### What you are asked to do
Omit all images, then repeat exactly the lines below from the one containing "Some of the text" through the one containing "this 2200×978 image.", both ends included.

### Entries provided
---*---
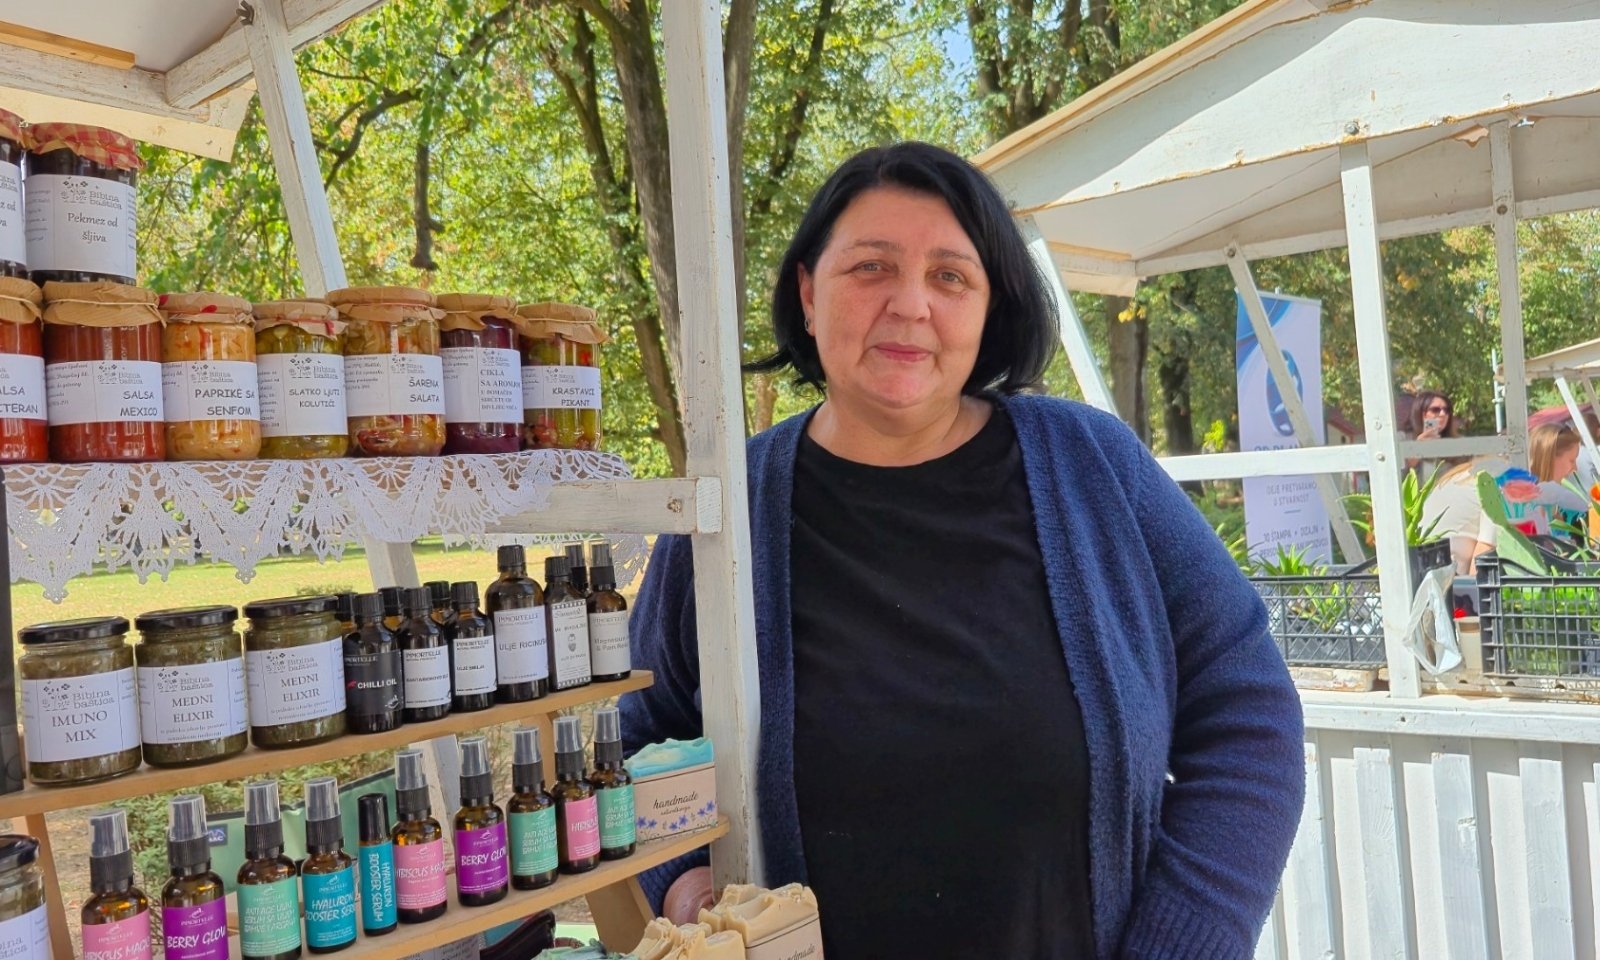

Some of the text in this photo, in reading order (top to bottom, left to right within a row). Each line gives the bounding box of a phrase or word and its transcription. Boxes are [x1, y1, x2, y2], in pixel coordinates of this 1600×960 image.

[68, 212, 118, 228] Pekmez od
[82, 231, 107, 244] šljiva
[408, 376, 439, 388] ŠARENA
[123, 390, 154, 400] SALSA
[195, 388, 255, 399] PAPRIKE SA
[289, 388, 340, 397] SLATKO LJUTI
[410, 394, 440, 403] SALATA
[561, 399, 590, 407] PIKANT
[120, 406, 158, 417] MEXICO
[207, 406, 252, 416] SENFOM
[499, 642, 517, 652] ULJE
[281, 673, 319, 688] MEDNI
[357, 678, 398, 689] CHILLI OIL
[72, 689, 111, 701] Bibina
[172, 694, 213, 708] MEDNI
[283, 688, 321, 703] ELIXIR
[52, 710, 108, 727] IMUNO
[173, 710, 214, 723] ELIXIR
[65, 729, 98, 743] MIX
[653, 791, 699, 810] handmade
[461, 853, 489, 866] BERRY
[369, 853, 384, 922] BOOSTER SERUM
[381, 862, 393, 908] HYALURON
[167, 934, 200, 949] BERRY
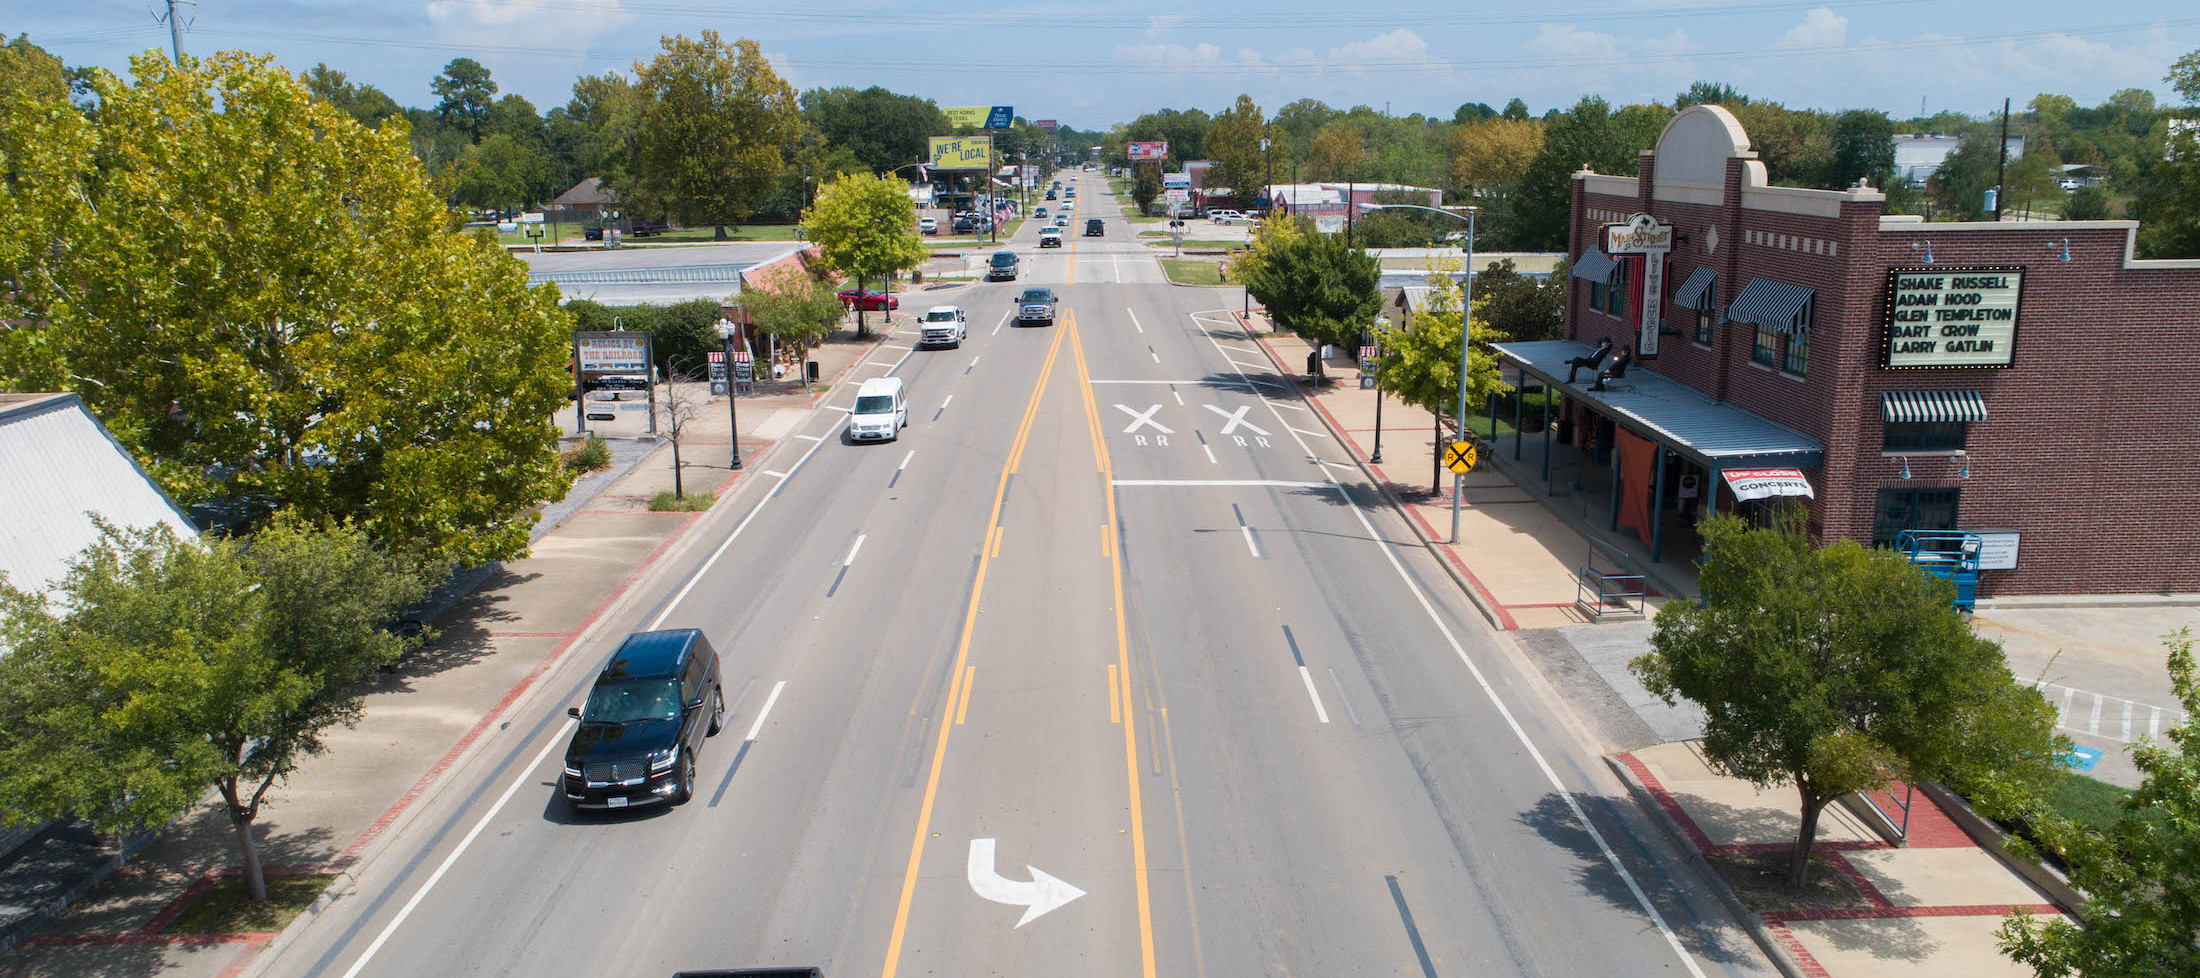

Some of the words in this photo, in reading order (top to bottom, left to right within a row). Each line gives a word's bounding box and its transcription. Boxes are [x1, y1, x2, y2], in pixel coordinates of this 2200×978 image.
---*---
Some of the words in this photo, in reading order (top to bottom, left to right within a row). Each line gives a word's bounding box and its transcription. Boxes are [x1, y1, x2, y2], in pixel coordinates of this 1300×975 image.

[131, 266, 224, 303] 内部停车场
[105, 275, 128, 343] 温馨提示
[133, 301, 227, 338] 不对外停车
---*---
### Response
Some of the text in this photo, in reading order (top to bottom, left to right within a row). Each line gives the bounding box of a phrase or word and its transcription. Boxes are [x1, y1, x2, y2], in pixel coordinates of this 1600×960 image.

[68, 212, 118, 228] Pekmez od
[82, 231, 107, 244] šljiva
[408, 376, 439, 388] ŠARENA
[123, 390, 154, 400] SALSA
[195, 388, 255, 399] PAPRIKE SA
[289, 388, 340, 397] SLATKO LJUTI
[410, 394, 440, 403] SALATA
[561, 399, 590, 407] PIKANT
[120, 406, 158, 417] MEXICO
[207, 406, 252, 416] SENFOM
[499, 642, 517, 652] ULJE
[281, 673, 319, 688] MEDNI
[357, 678, 398, 689] CHILLI OIL
[72, 689, 111, 701] Bibina
[172, 694, 213, 708] MEDNI
[283, 688, 321, 703] ELIXIR
[52, 710, 108, 727] IMUNO
[173, 710, 214, 723] ELIXIR
[65, 729, 98, 743] MIX
[653, 791, 699, 810] handmade
[461, 853, 489, 866] BERRY
[369, 853, 384, 922] BOOSTER SERUM
[381, 862, 393, 908] HYALURON
[167, 934, 200, 949] BERRY

Some of the words in this photo, in reading order (top to bottom, left to right within a row). Each line gives a word's bounding box and its transcription. Boxes are [x1, y1, x2, y2], in pixel coordinates of this 2200×978 image.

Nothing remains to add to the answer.